On Chicken Coops

About two days ago, my grandma and I started receiving irksome texts from my dad. Where’s the chicken coop? he kept asking, I’m sure it’s on the property. He wouldn’t give it up – he even sent us pictures he had taken last year of this mysterious chicken coop that was supposedly in my grandma’s Floridian yard. The problem was, there was no chicken coop to be found. There was an old red shed, filled with mismatched chairs and gardening tools. There was a big deck, and a round outdoor table. There were palm trees and aloe growing everywhere. But no chicken coop.

My grandma made sure to clear this up with my dad. She told him that “the whole thing is gone” and that the previous owner “probably cleared it away so (the) house would sell better.” And so, after many bemused texts had been sent back and forth between my grandma and my dad, the mystery of the missing chicken coop mystery was dropped (the only person who truly dropped it was my grandma – I’m sure my dad was still agonizing over it).

Today, in a rush of inspiration, I decided to go on a search for the chicken coop. What’s the worst that could happen? I turned on “We Can Do Hard Things” by Glennon Doyle, and walked out into the sunshine of a gorgeous Florida afternoon. I felt like a brave adventurer, out to discover whatever might happen along my path.

In truth, I vaguely remembered where the chicken coop was. I was actually there when my dad first discovered it, and I remembered seeing it with him, and being astonished by this rare treasure: a relatively large chicken coop in the backyard of a house in the Florida Keys. But, because everything is generally very cloudy in my brain, I thought maybe the chicken coop had been at a different house, or that I was mixing it up with a childhood memory of a chicken coop, or that I had simply fabricated the memory of a backyard chicken coop, and now it was parading around in my mind like a real memory, trying to trick me.

So when my dad first started sending chicken coop inquiries, something dim stirred in my brain. I ignored that dim response (because it was dim) and continued on with my life. But after a couple of days, the call of the chicken coop grew too strong to resist: I knew it was out there. All I had to do was go out and find it.

A minute later, I was standing in front of the chicken coop door. It was mostly obscured by vines. We had missed it because, until yesterday, there was a big tree covering it. We assumed the shed was a part of our neighbor’s property – we didn’t realize that we had access to a door.

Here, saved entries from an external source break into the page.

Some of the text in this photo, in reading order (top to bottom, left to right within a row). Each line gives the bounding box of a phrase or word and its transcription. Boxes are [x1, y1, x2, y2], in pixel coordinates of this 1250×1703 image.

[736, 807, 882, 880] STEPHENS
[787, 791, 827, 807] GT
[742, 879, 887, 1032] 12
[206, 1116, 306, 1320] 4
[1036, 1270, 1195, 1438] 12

In that moment, I felt like Mary in The Secret Garden (I reread that book this past summer – there is some problematic racism in it, but I still connected, on a deep level, with the story of a girl growing healthy by spending so much time playing outside) finding the door for the first time.

I yanked it a couple of times, and it opened. Then, I snapped a few pics to send to the group text with my dad and my grandma. Proof. And then I went back inside and continued on with my day.

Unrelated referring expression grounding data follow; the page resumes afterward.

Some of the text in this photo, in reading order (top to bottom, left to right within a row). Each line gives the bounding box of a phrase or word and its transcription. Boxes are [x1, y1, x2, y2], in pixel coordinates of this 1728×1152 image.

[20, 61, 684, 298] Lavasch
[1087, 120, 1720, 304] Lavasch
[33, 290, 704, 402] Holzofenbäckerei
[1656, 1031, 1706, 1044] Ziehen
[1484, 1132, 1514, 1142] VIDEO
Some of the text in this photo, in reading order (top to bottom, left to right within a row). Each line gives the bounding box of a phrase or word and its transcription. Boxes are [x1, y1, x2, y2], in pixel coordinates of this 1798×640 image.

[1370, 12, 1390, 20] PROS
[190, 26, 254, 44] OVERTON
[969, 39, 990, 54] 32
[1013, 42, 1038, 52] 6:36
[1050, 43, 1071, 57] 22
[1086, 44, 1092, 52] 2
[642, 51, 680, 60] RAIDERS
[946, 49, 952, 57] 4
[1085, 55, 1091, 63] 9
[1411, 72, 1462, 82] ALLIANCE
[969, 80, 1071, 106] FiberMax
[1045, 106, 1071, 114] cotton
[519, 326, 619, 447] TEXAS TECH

Moral of the story? What you’re looking for might just be right in front of you.

Just kidding. There’s no moral. It’s just really ridiculous that my grandma and I didn’t know there was a chicken coop in our backyard.

On Driftwood

This morning my grandma and I woke up in the darkness at 6am to shoot a music video.

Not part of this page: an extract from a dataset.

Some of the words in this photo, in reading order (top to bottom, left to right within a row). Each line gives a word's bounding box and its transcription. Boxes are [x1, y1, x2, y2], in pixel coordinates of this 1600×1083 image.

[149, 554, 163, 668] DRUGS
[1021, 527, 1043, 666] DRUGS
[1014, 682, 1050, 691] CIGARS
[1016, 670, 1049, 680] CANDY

We wouldn’t have done this, except we were walking along a remote beach last week, and came across this abandoned homestead made of driftwood. There once was a community of people living here, my grandma said: I used to see them when I walked my dog down here years ago. In place of the colorful tents and long-haired men that once nestled into the sand, only a driftwood castle remained. They built this massive, angular structure, the center of their village, the gathering place. They tied emblems to the ends of the bone-dry branches: old Nikes, beautiful glass bottles, buoys, and strips of colorful ribbon. They painted a few branches with vibrant blues, yellows, and pinks, penning all-seeing eyes and names of past lovers. They put up a plaque for someone named “Red” who died there in 2009. There were clear outlines of different rooms, like the Aztec ruins in New Mexico.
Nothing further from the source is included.